[Data under study]:

= = = =

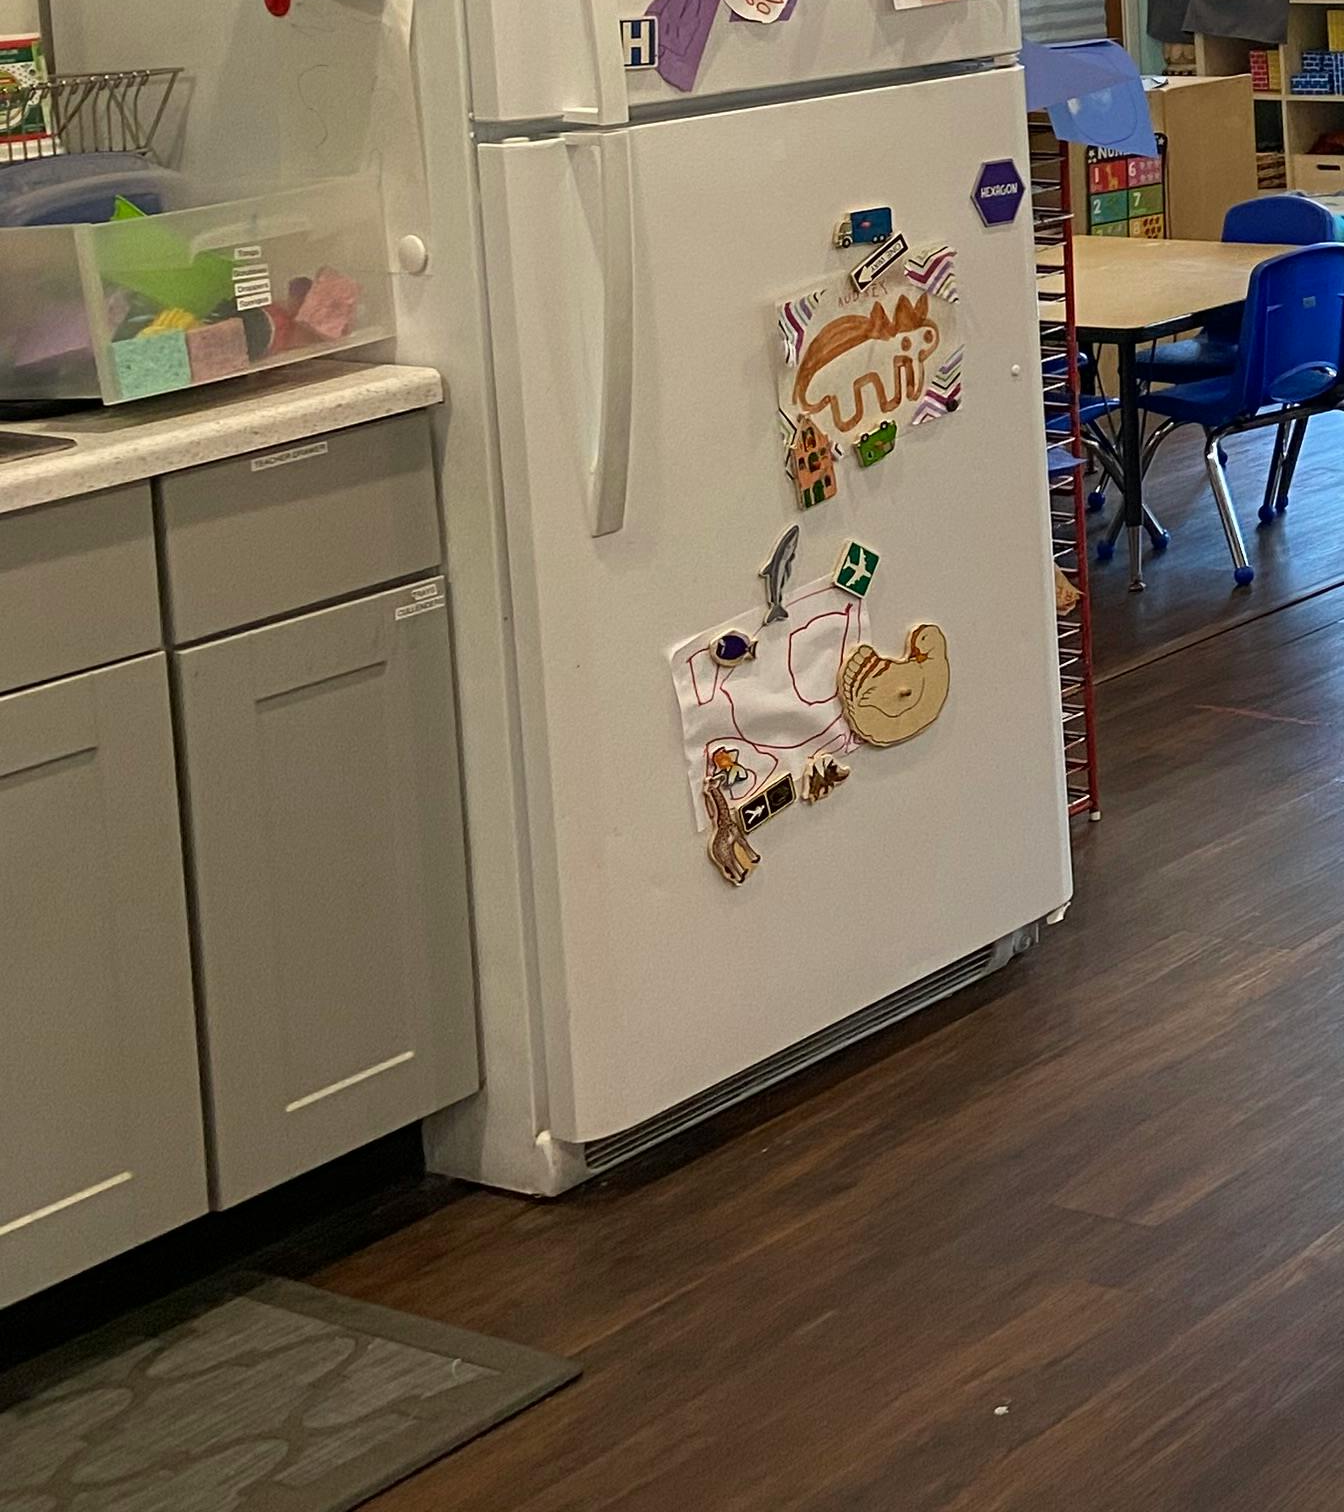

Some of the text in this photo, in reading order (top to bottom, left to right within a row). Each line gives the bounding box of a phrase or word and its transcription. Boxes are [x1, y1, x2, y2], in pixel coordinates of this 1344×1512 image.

[622, 20, 651, 66] H
[1094, 167, 1100, 183] 1
[1128, 162, 1137, 177] 6
[980, 182, 1018, 198] HEXAGON
[1093, 199, 1103, 215] 2
[1132, 192, 1141, 207] 7
[871, 242, 902, 272] ONE WAY

= = = =

[Work order]: Output a faithful copy of the data, with each picture left out.

[Expected answer]:
Some of the text in this photo, in reading order (top to bottom, left to right within a row). Each line gives the bounding box of a phrase or word and its transcription. Boxes are [x1, y1, x2, y2], in pixel coordinates of this 1344×1512 image.

[622, 20, 651, 66] H
[1094, 167, 1100, 183] 1
[1128, 162, 1137, 177] 6
[980, 182, 1018, 198] HEXAGON
[1093, 199, 1103, 215] 2
[1132, 192, 1141, 207] 7
[871, 242, 902, 272] ONE WAY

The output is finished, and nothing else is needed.